### WHAT YOU HAVE TO DO
Please give back every entry in full, word for word, but none of the pictures.
*** DATA FOR THE TASK
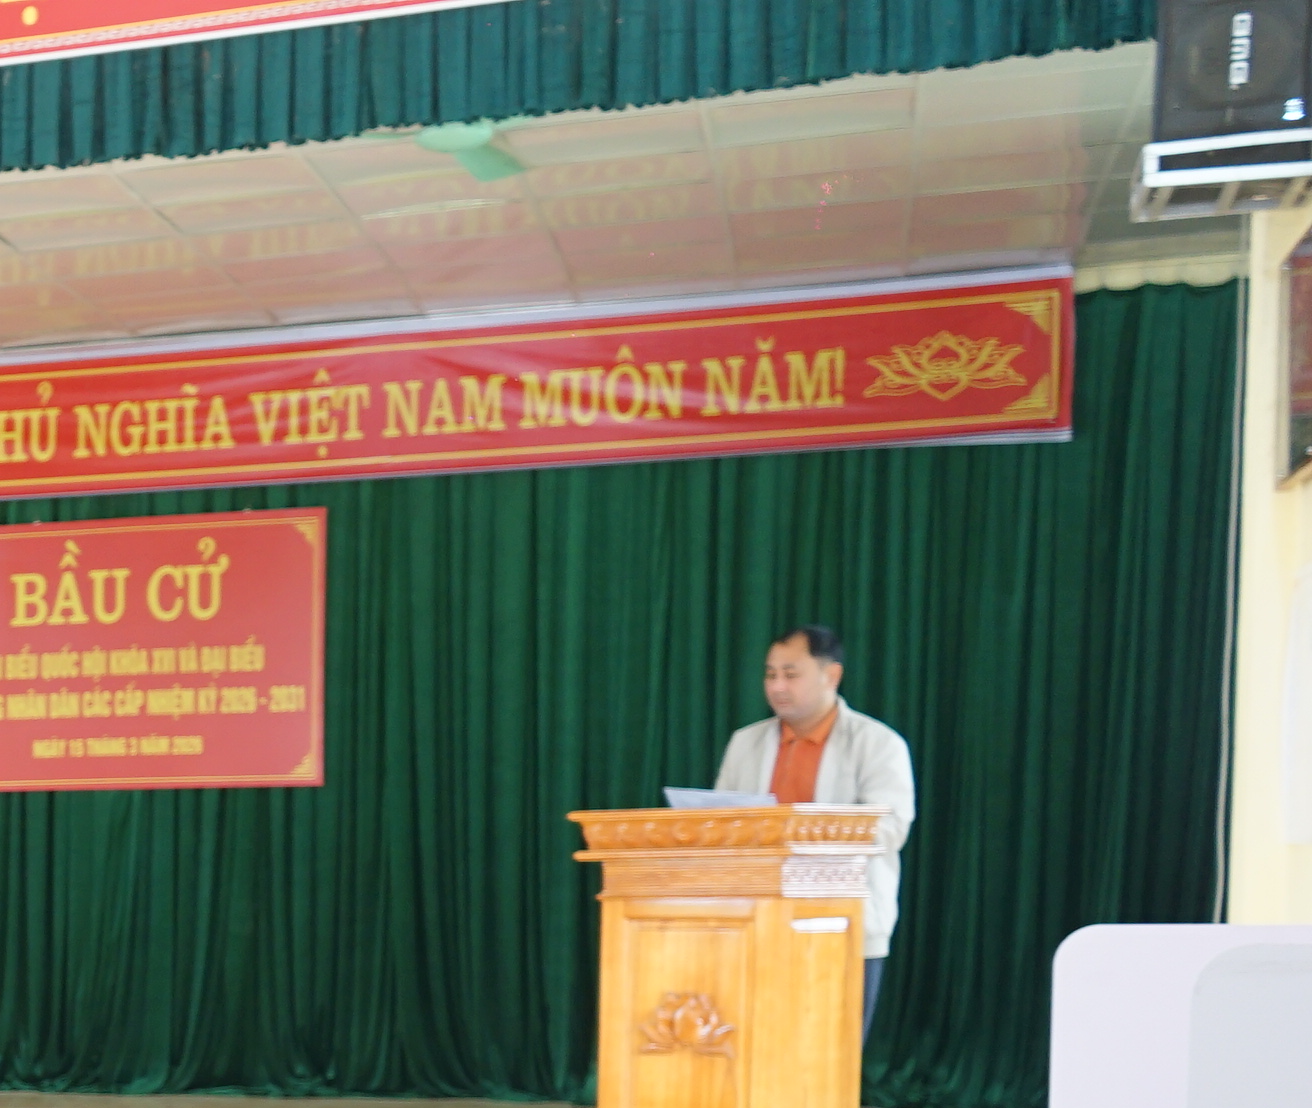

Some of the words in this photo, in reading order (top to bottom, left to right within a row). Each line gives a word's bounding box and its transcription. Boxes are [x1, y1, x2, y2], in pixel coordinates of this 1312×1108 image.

[72, 382, 235, 459] NGHĨA
[249, 369, 370, 458] VIỆT
[381, 375, 506, 438] NAM
[519, 344, 684, 430] MUÔN
[700, 337, 847, 416] NĂM!
[10, 539, 131, 627] BẦU
[146, 536, 230, 622] CỬ
******
### ANSWER SPACE
Some of the words in this photo, in reading order (top to bottom, left to right within a row). Each line gives a word's bounding box and its transcription. Boxes are [x1, y1, x2, y2], in pixel coordinates of this 1312×1108 image.

[72, 382, 235, 459] NGHĨA
[249, 369, 370, 458] VIỆT
[381, 375, 506, 438] NAM
[519, 344, 684, 430] MUÔN
[700, 337, 847, 416] NĂM!
[10, 539, 131, 627] BẦU
[146, 536, 230, 622] CỬ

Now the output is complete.